Editora Noa Noa

Teve seu início no Rio de Janeiro em 1965, com a edição da obra 10 Poemas de Cleber Teixeira, produzida manualmente. Em 1966 com a aquisição de uma máquina impressora movida a pedal passou a editar livros compostos e impressos em tipografia com tipos móveis. Em 1977 transferiu-se para Florianópolis e com uma impressora elétrica duplicou suas possibilidades de edição. O acervo produzido pela Noa Noa de 1965 a 2006 soma 66 livros, além de cartazes e pequenos impressos (calendários, plaquetes e cartões).

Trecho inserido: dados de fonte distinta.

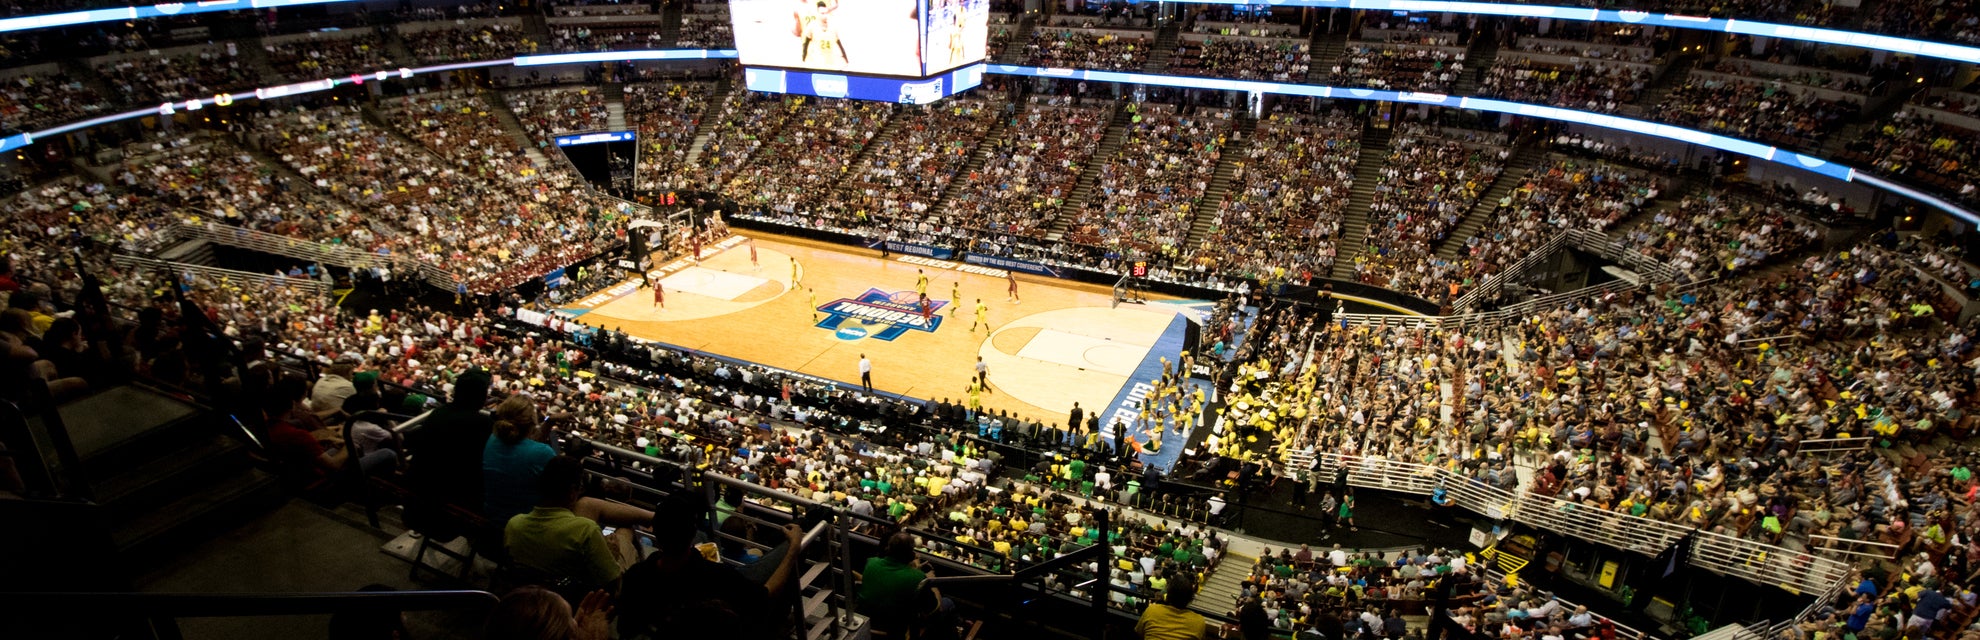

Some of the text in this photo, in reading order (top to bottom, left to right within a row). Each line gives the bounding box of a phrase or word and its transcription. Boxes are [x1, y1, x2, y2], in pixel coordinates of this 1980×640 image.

[887, 242, 934, 256] WEST REGIONAL
[897, 255, 957, 269] CENTER
[1016, 261, 1043, 271] CONFERENCE
[578, 293, 612, 307] THE
[608, 278, 644, 296] ROAD
[660, 260, 689, 272] THE
[714, 235, 748, 249] FOUR
[1133, 266, 1145, 275] 30
[833, 302, 926, 326] REGIONAL
[1121, 382, 1155, 410] ELITE
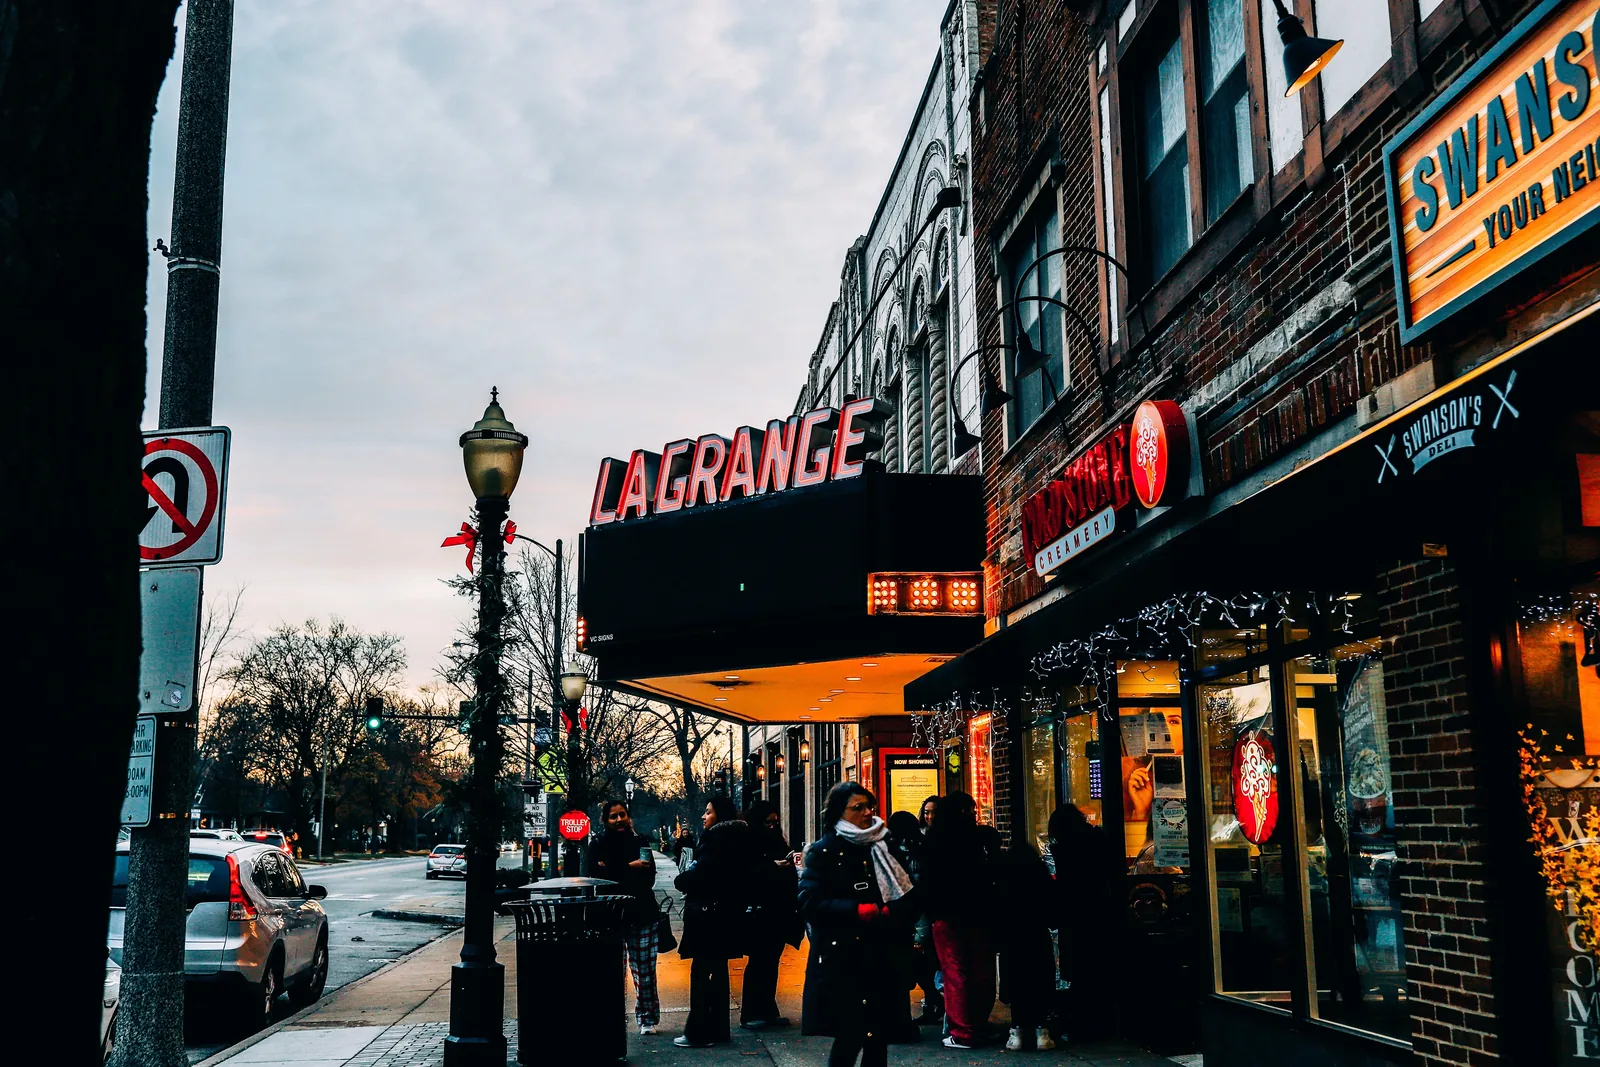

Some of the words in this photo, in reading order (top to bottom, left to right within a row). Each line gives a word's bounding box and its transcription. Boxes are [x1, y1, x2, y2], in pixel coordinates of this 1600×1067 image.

[1412, 8, 1600, 233] SWANS
[1482, 181, 1546, 250] YOUR
[1552, 135, 1600, 204] NEI
[1402, 395, 1482, 459] SWANSON'S
[1428, 436, 1457, 458] DELI
[1039, 513, 1111, 570] CREAMERY
[597, 633, 614, 642] SIGNS
[130, 739, 152, 753] ARKING
[135, 724, 146, 738] HR
[1547, 816, 1600, 1060] WLCOME
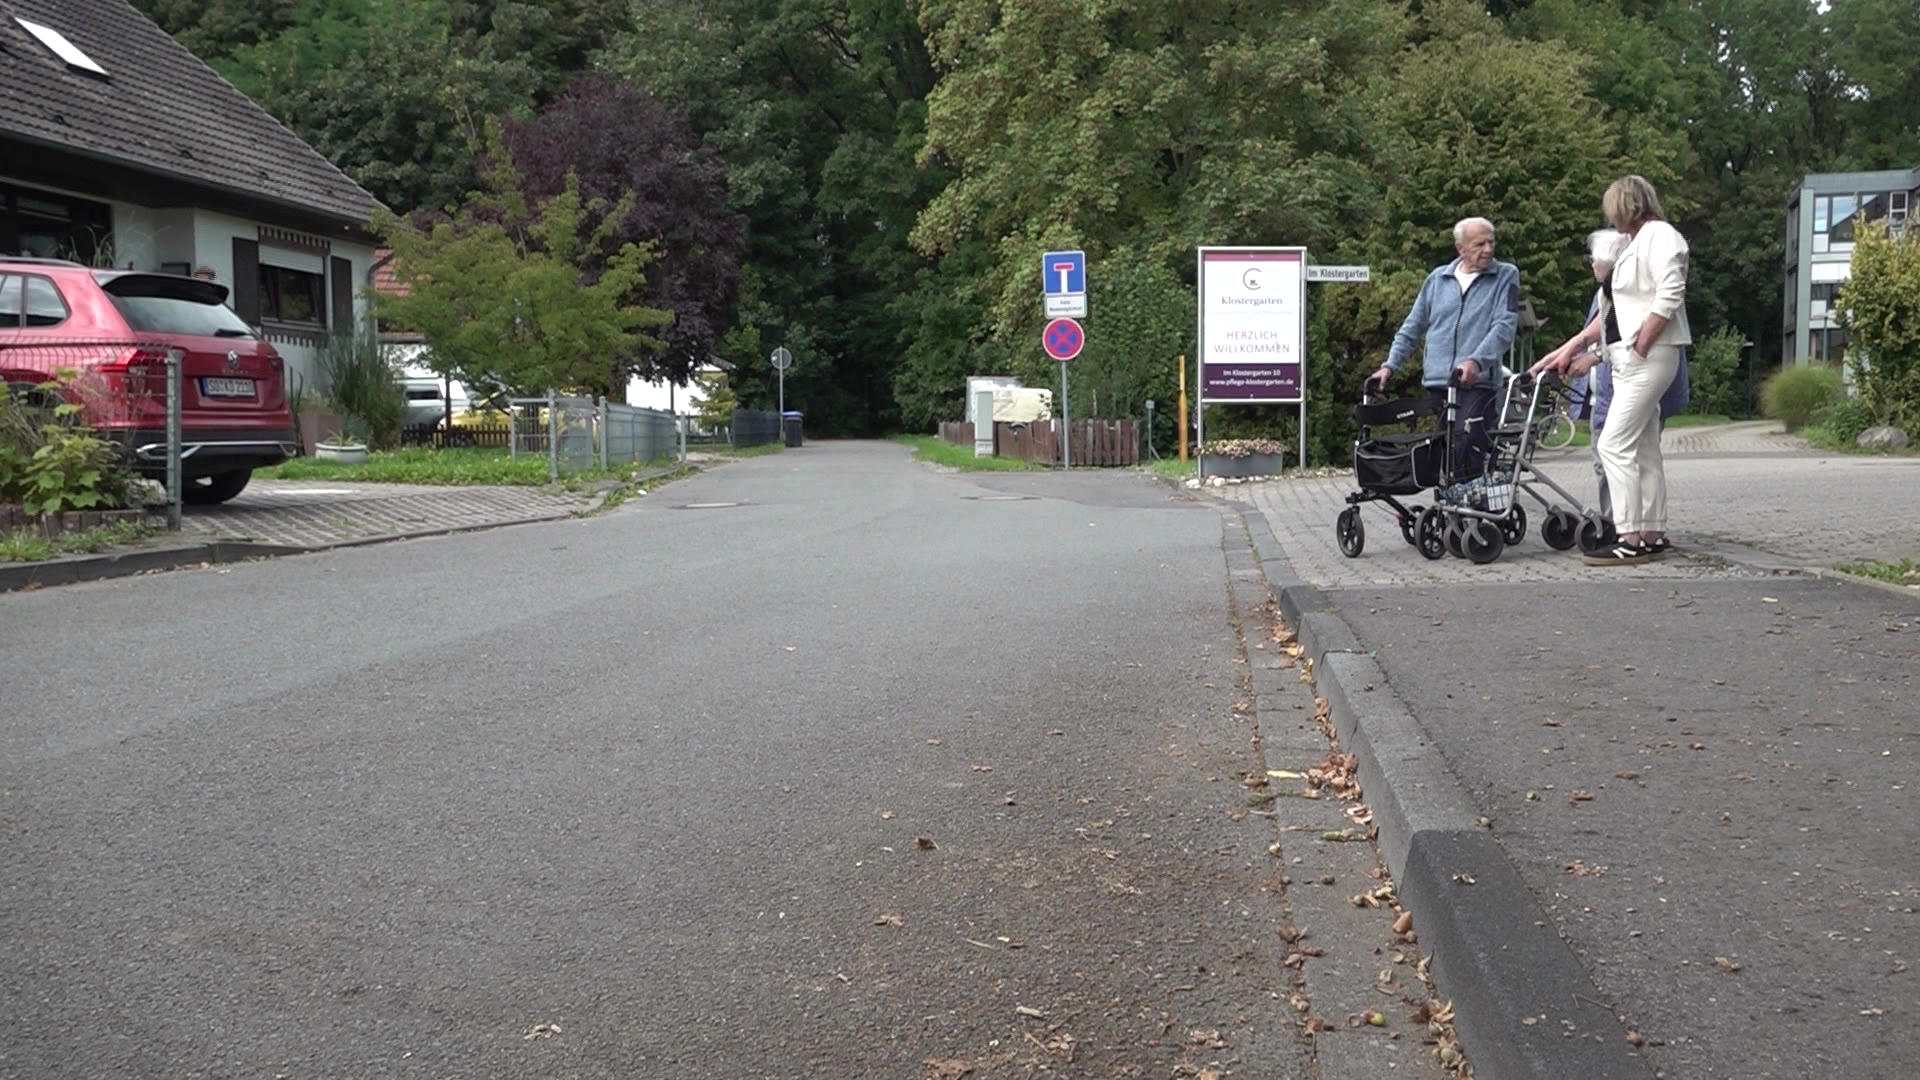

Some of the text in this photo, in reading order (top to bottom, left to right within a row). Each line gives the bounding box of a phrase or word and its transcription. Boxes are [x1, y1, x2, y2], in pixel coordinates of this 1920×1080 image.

[1221, 296, 1283, 307] Klostergarten
[1226, 330, 1278, 340] HERZLICH
[1214, 342, 1290, 354] WILLKOMMEN
[1232, 369, 1272, 377] Klostergarten
[1209, 378, 1294, 387] www.pflege-klostergarten.de
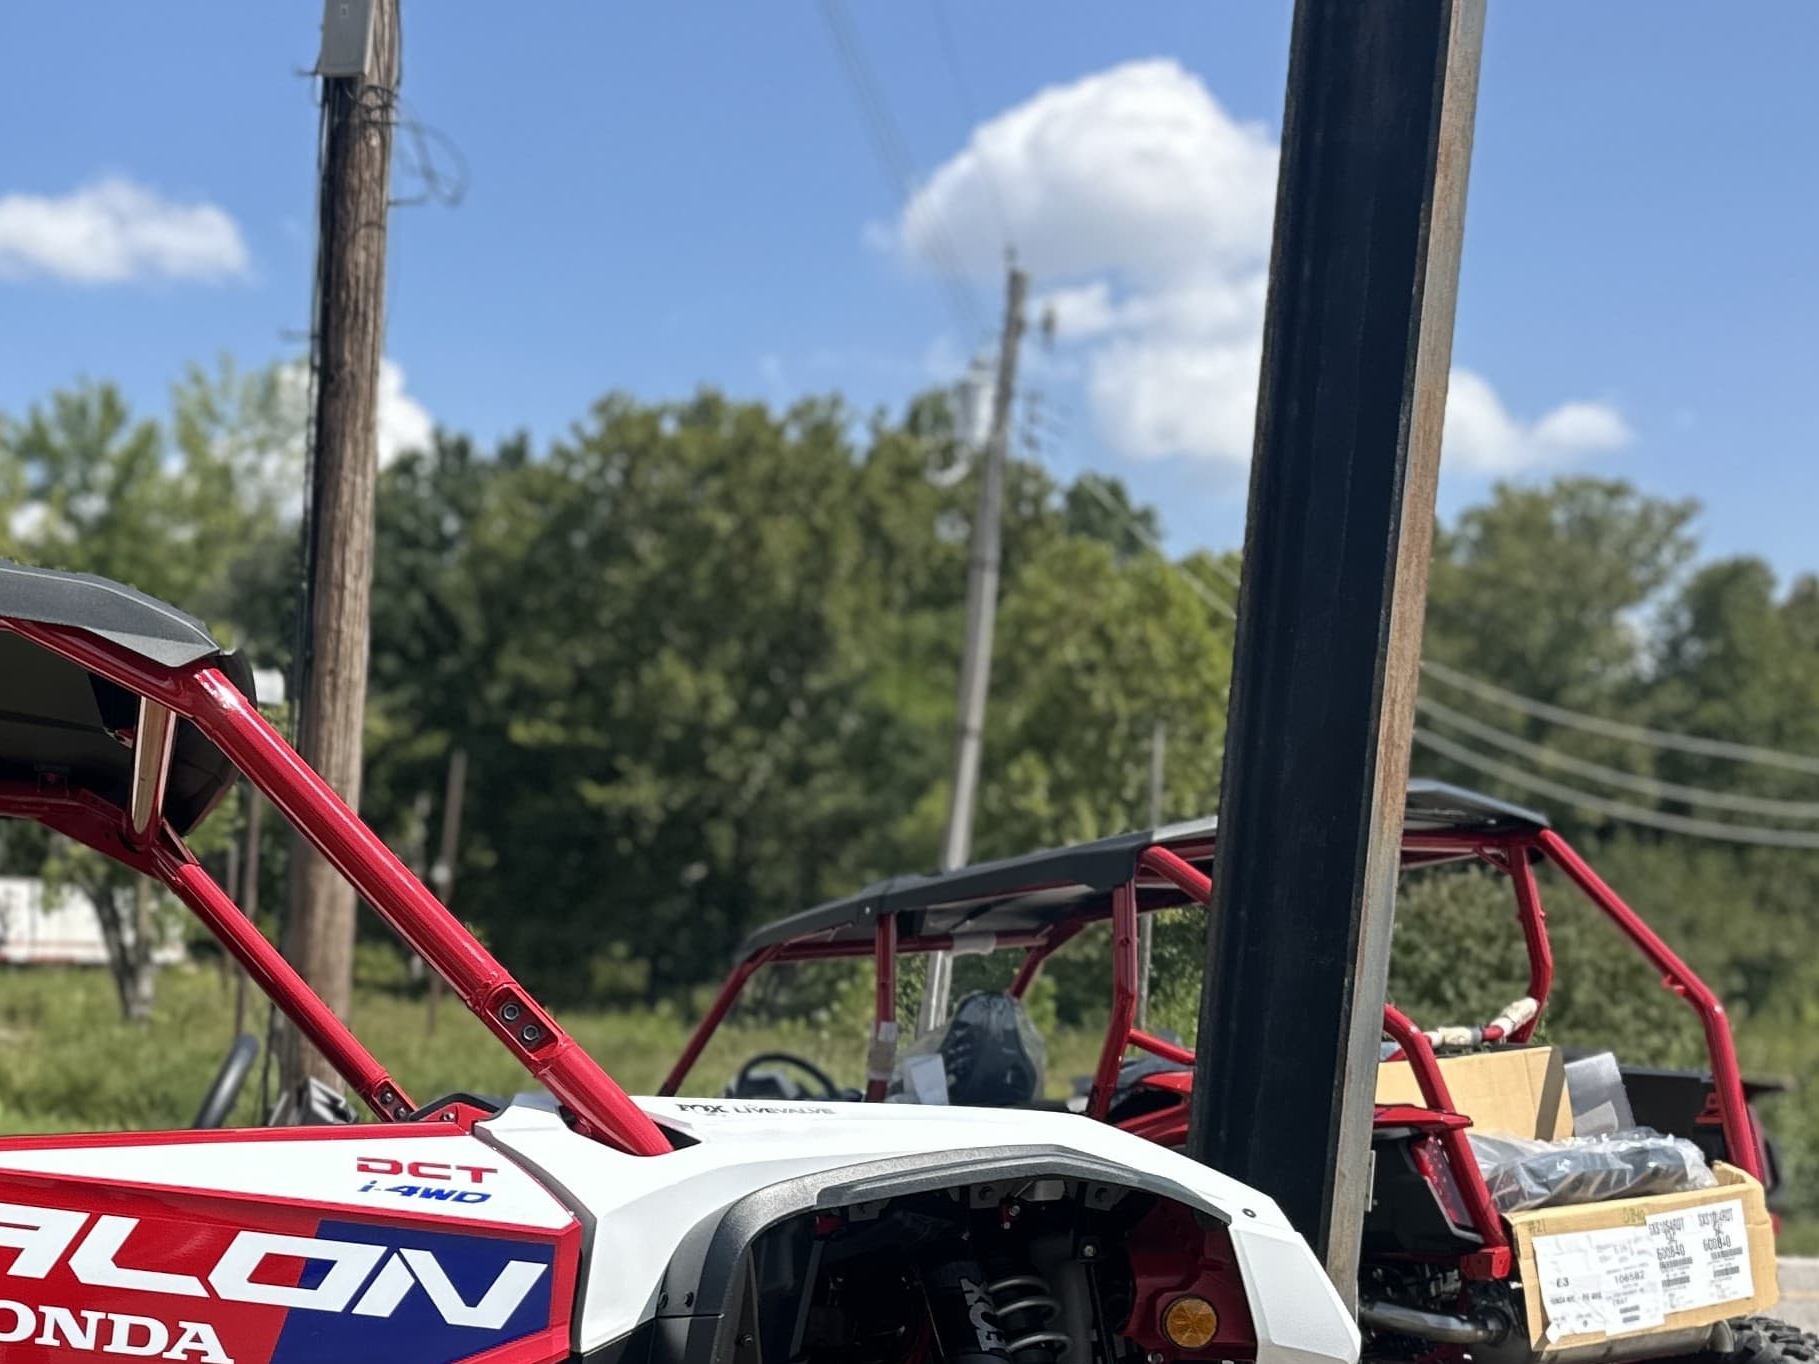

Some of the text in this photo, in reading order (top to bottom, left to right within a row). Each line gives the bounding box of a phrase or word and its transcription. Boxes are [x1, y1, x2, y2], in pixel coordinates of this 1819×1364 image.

Noa Noa por Cleber Teixeira

Instalada em Florianópolis 1977, trabalha com tipos móveis e máquina tipográfica de alimentação manual. Luta-se em sua oficina pela preservação da mais nobre e bela maneira de multiplicar um texto: a tipografia. Na oficina da Noa Noa o texto é montado letra por letra. Dos bem organizados compartimentos das gavetas os tipos são levados ao componedor num trabalho exaustivo mas gratificante que tenta resgatar e divulgar o melhor da poesia universal e tornar público o novo ainda desconhecido.

O texto tipográfico procura resgatar uma prática quase desaparecida: a estreita convivência da gravura com a tipografia, prática bastante comum até as últimas décadas do século XX, quando os processos de composição e impressão se tornaram mais acessíveis e criaram a falsa ideia que a tipografia e a gravura eram processos obsoletos, arquivados. Se a tipografia e a gravura são vistos apenas como processos multiplicadores de originais é natural considerá-los arquivados. Mas sabem todos que se interessam pelas artes gráficas, os leitores, os bibliófilos e os colecionadores de arte que eles são mais do que isso.

A arte da tipografia, com tudo que precede a composição e a impressão (desenho, fundição dos tipos, projeto gráfico, etc.) tem vida longa e cabe a cada um que sabe disso resistir e ajudar a promover uma estreita convivência com os designers gráficos de hoje.